Übersetzung Uljana Wolf
EINE LACKMUSGESCHICHTE
Die Schreiberlinge sanken in Verwunderung.
Dies war nicht die hierarchisch folgende Datei,
zu der man den Zugriff gestattet hatte. Es war etwas, das
weit wunderbarer war: ein dunkler Kiesel im Gras,
Ich warte fast immer
auf Bildwelten, dass sie einbrechen, meine Forschung versetzen
in vergessene Gefilde der Mittagsfremd- und Erhabenheit.
Eines klingt heute, ganz in der Nähe,
mit unüblicher Offenheit nach:
meine eigene Sicht auf die zerraufte
Aufrichtigkeit, die wir irgendwann alle bewohnen.
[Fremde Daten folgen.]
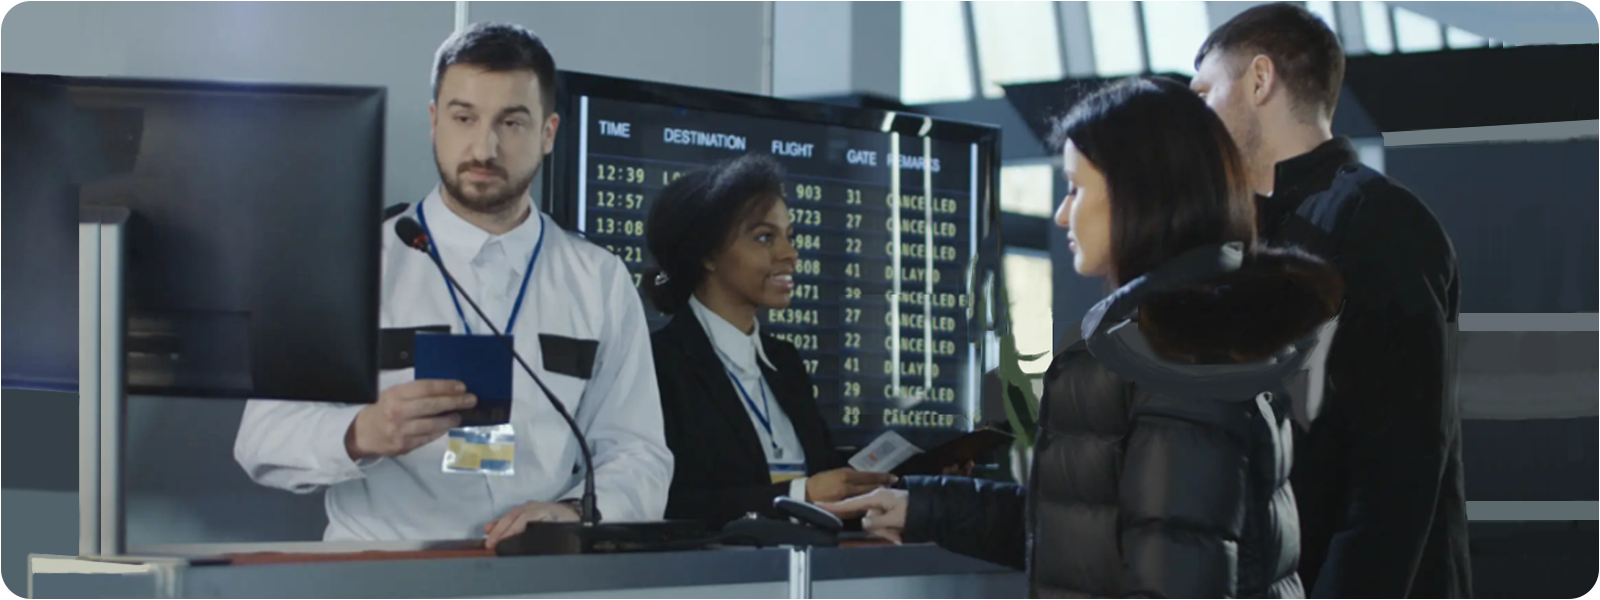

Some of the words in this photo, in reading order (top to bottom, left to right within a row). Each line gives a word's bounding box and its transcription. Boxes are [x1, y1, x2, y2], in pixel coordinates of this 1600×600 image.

[599, 120, 631, 138] TIME
[663, 127, 746, 150] DESTINATION
[771, 140, 814, 158] FLIGHT
[846, 149, 877, 166] GATE
[886, 152, 941, 173] REMARS
[597, 164, 645, 184] 12:39
[796, 184, 822, 201] 903
[846, 188, 862, 205] 31
[885, 193, 957, 214] CNCELED
[597, 191, 644, 210] 12:57
[846, 213, 863, 229] 27
[885, 217, 957, 238] CNCELED
[596, 217, 644, 236] 13:08
[845, 237, 862, 254] 22
[885, 241, 957, 262] CNCELED
[845, 262, 861, 279] 41
[884, 265, 941, 284] DLAYD
[885, 290, 956, 308] CNCELED
[768, 308, 819, 326] EK3941
[845, 307, 862, 323] 27
[884, 311, 956, 332] CNCELED
[844, 332, 861, 349] 22
[884, 335, 956, 356] CNCELED
[844, 357, 860, 374] 41
[883, 360, 940, 378] DLAYD
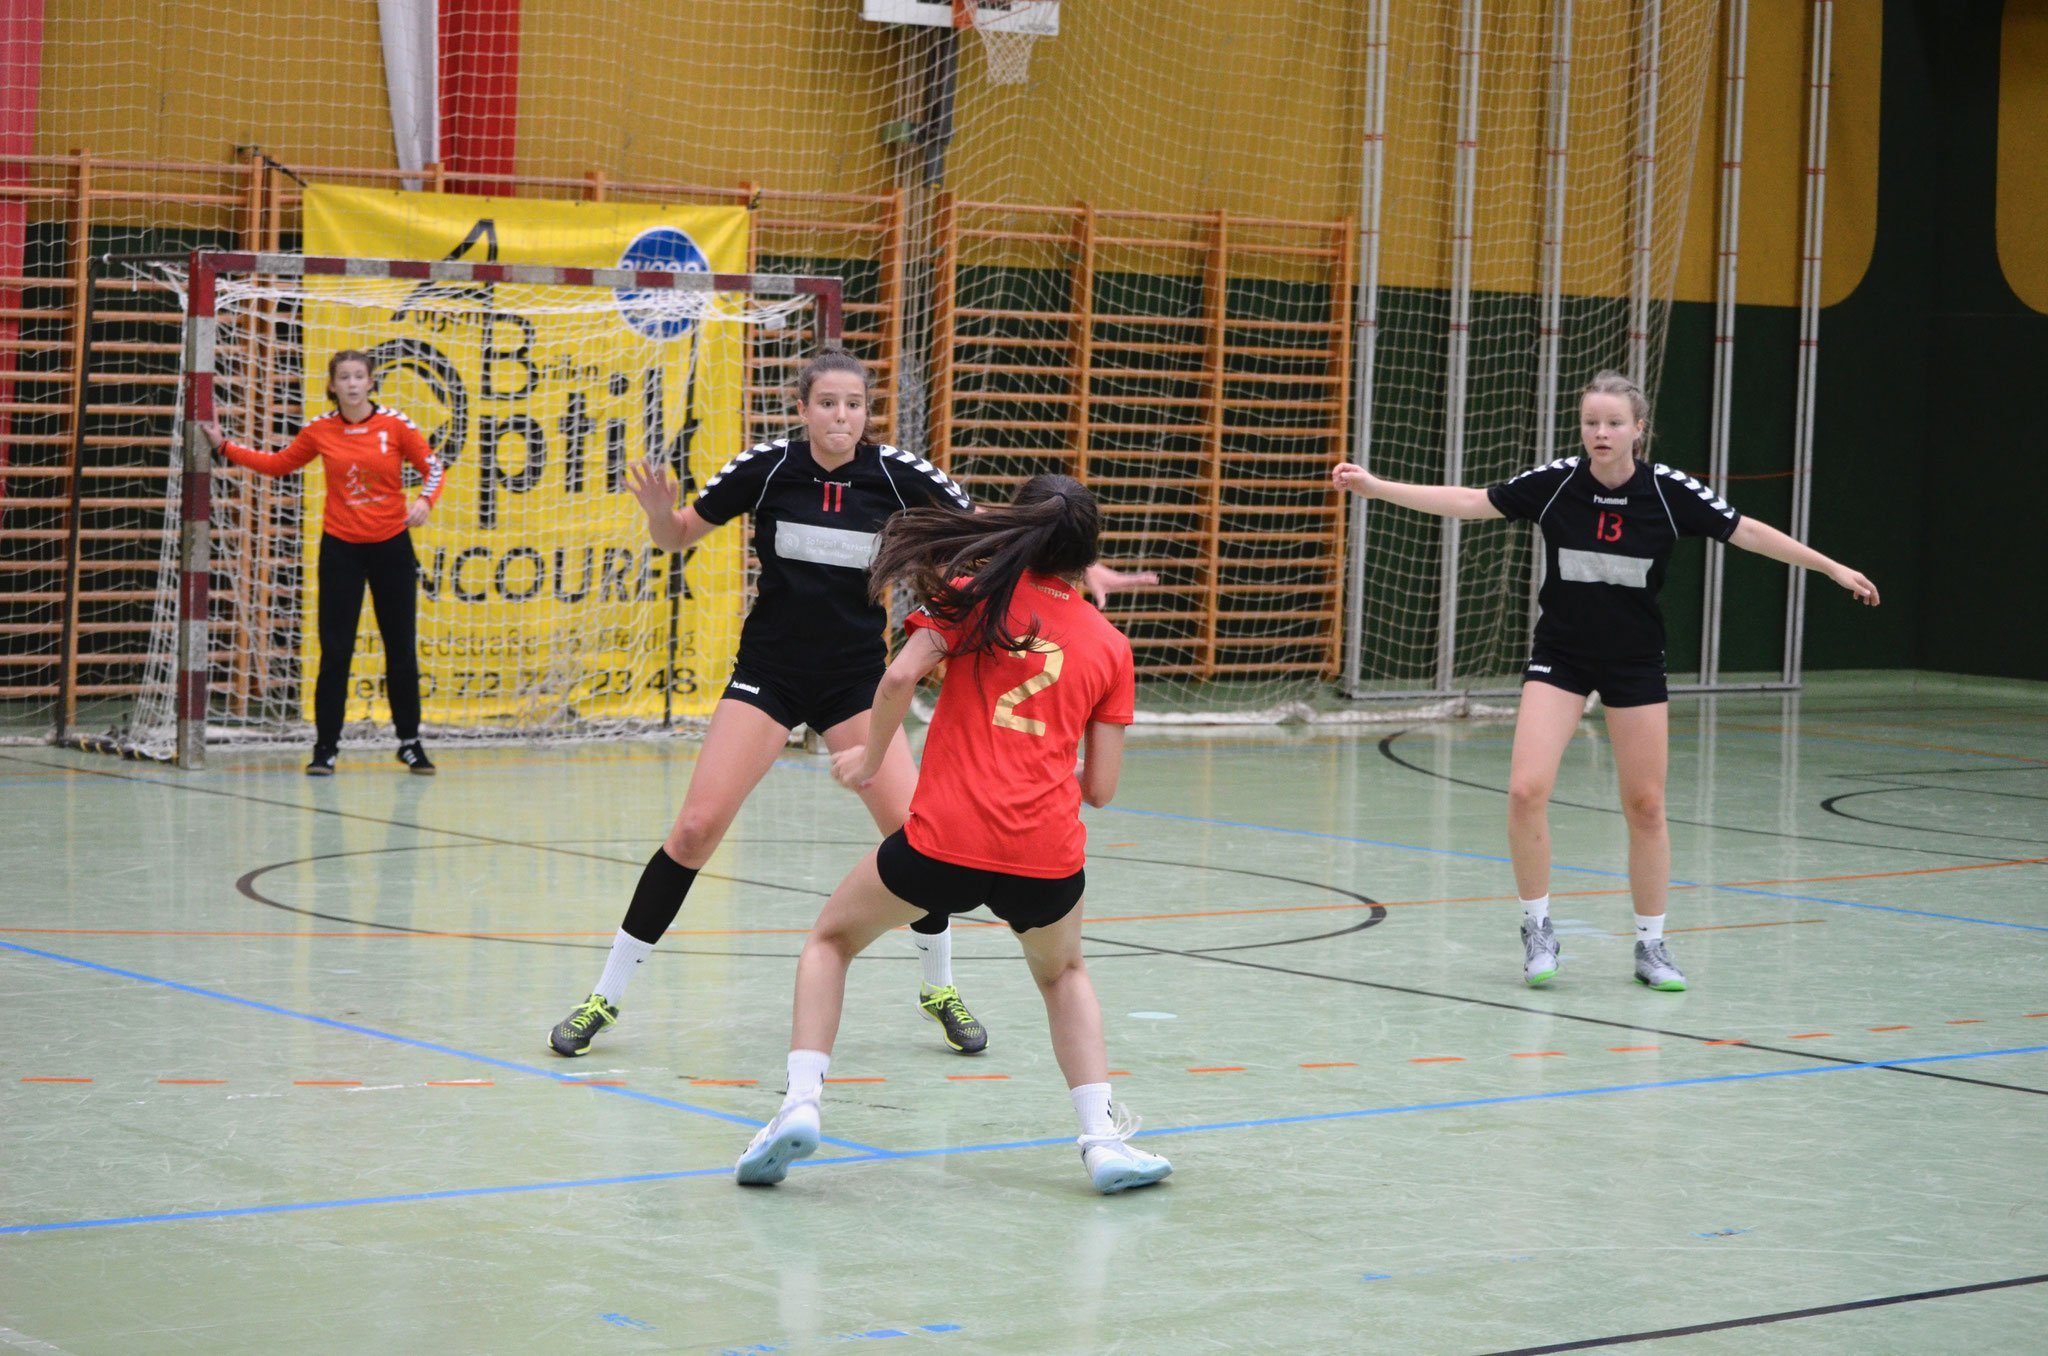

Zurückweichend vorm Stammessonnenschein. So, als ob
man ein unstreitbar intaktes Gewissen von seinesgleichen bewohnte.
Übersetzung Tobias Amslinger
Schon der Titel von John Ashberys Sammlung A Worldly Country, die er in seinem 80. Lebensjahr veröffentlicht hat, ist in seiner subtilen Wortwahl außergewöhnlich. Natürlich ist jedes Land „worldly“ (weltgewandt), schon dadurch, dass es ein Teil der Welt ist; aber wörtlich heißt „worldly“ auch „kultiviert“ und „erfahren“. Doch schon die „contiguous states of America“, wie Ashbery sein Land in dem Gedicht „So, Yes“ nennt, stellt er in diesem Buch als das Gegenteil von weltgewandt dar. Ashberyland, wie wir es kennengelernt haben, ist verwirrend unübersichtlich, chaotisch und widersprüchlich – ein Ort, an dem „Mirage control has sealed the borders / with light“ („Filigrane“). In dem 2007 erschienenen Buch ist die Dislokation zudem nicht länger vorwiegend persönlich: das Gespenst von 9/11, die Bombenanschläge auf die New Yorker Twin Towers unweit von Ashberys Heim in Chelsea, spukt durch die Seiten.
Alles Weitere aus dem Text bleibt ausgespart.